→ DIRECTIONS
Scan the listing for the word "words" and report every line that contains it.

BEGIN RECORDS FOR THE EXERCISE

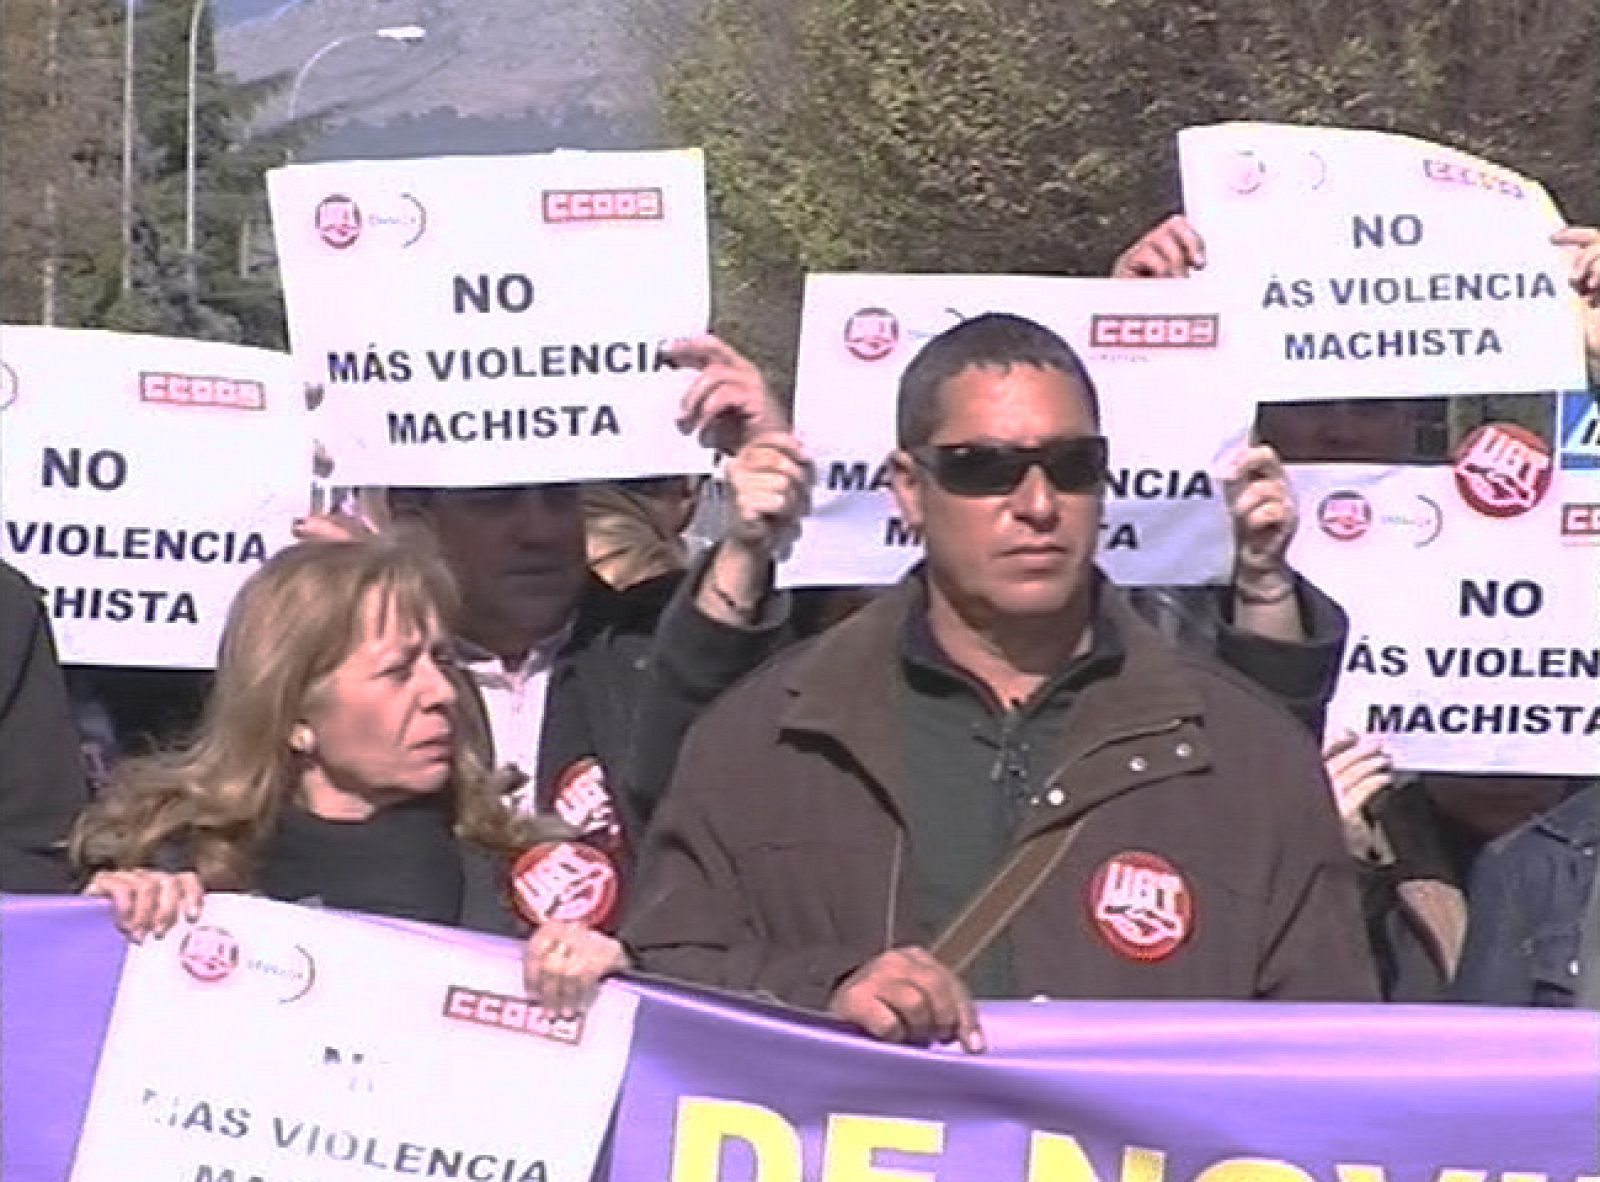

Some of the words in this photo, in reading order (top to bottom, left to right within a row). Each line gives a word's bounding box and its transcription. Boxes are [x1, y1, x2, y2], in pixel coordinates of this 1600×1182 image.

END RECORDS FOR THE EXERCISE
BEGIN RECORDS FOR THE EXERCISE

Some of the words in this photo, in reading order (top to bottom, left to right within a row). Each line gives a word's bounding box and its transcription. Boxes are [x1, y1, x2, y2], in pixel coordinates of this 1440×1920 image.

END RECORDS FOR THE EXERCISE
BEGIN RECORDS FOR THE EXERCISE

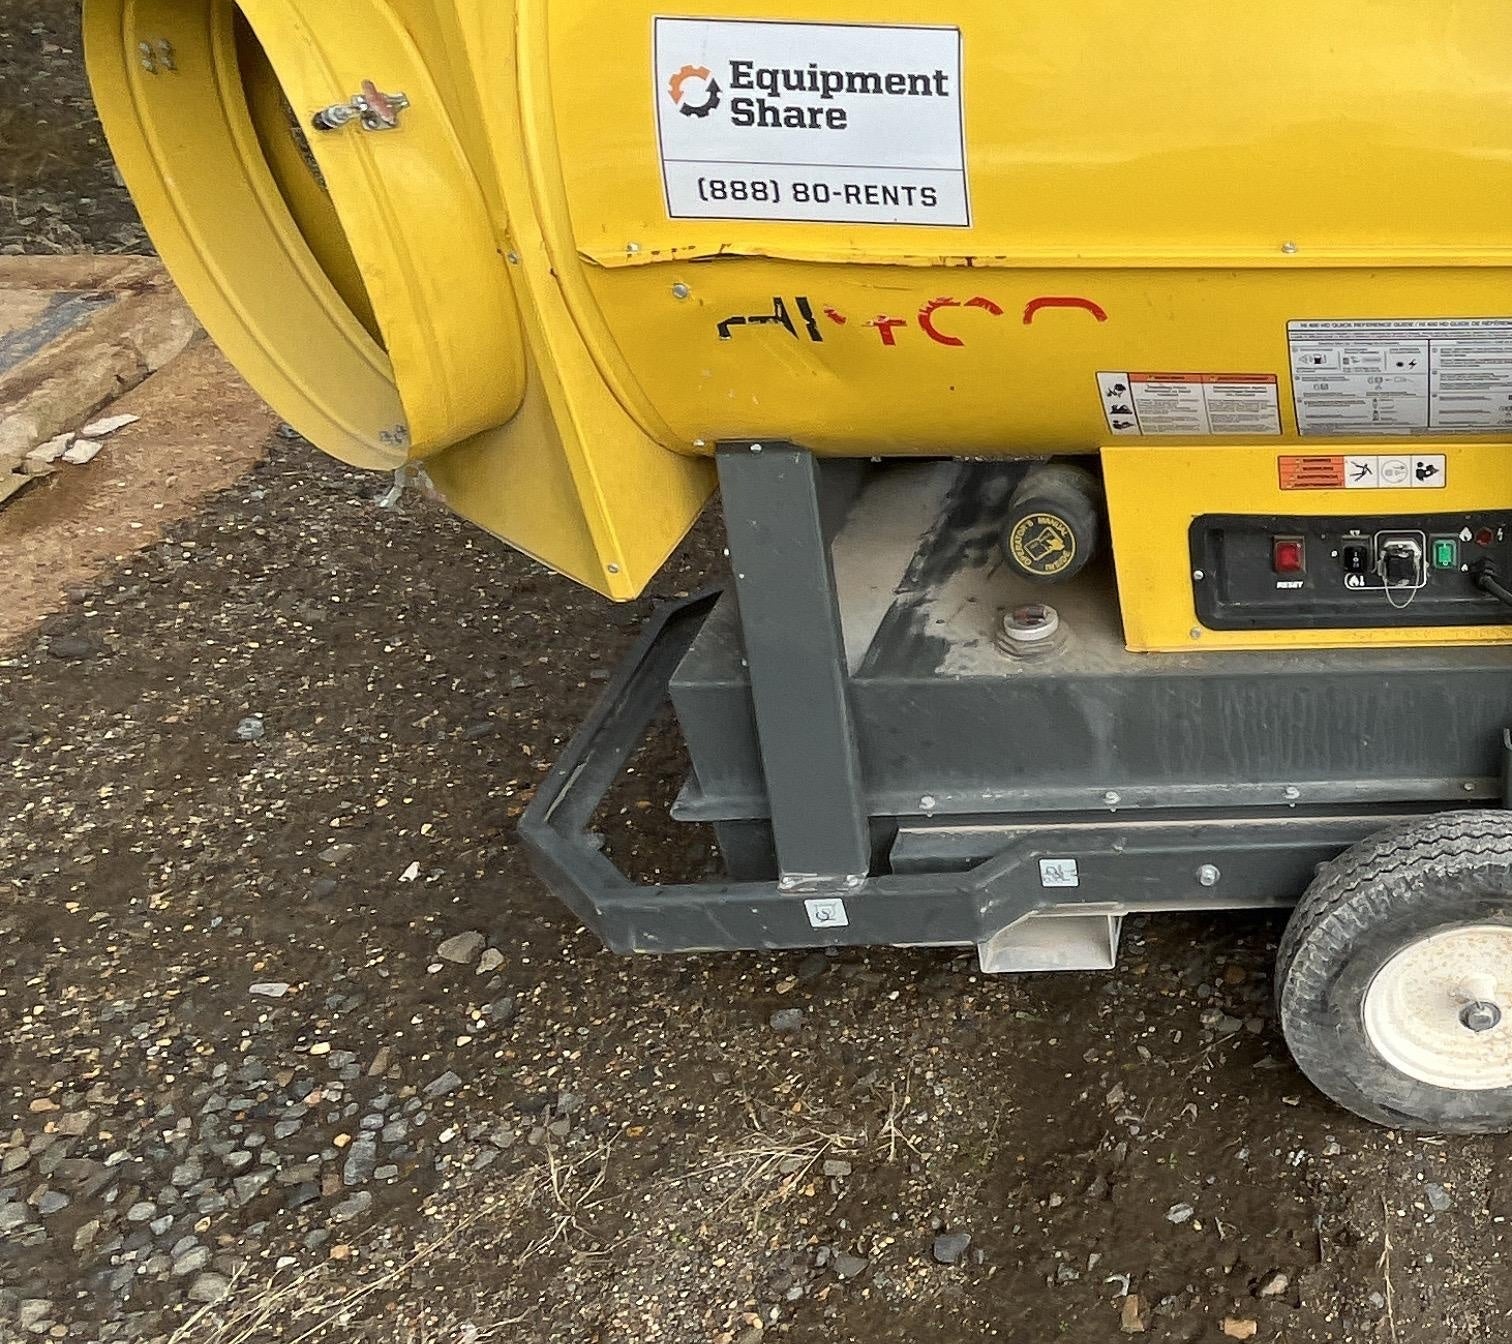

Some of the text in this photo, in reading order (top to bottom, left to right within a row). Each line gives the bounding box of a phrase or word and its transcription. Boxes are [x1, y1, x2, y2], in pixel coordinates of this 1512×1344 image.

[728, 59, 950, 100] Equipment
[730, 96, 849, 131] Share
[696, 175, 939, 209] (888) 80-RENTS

END RECORDS FOR THE EXERCISE

→ ANSWER TO THE EXERCISE
Some of the words in this photo, in reading order (top to bottom, left to right within a row). Each line gives a word's bounding box and its transcription. Boxes are [x1, y1, x2, y2], in pixel coordinates of this 1600×1182 image.
Some of the words in this photo, in reading order (top to bottom, left to right within a row). Each line gives a word's bounding box and its transcription. Boxes are [x1, y1, x2, y2], in pixel coordinates of this 1440×1920 image.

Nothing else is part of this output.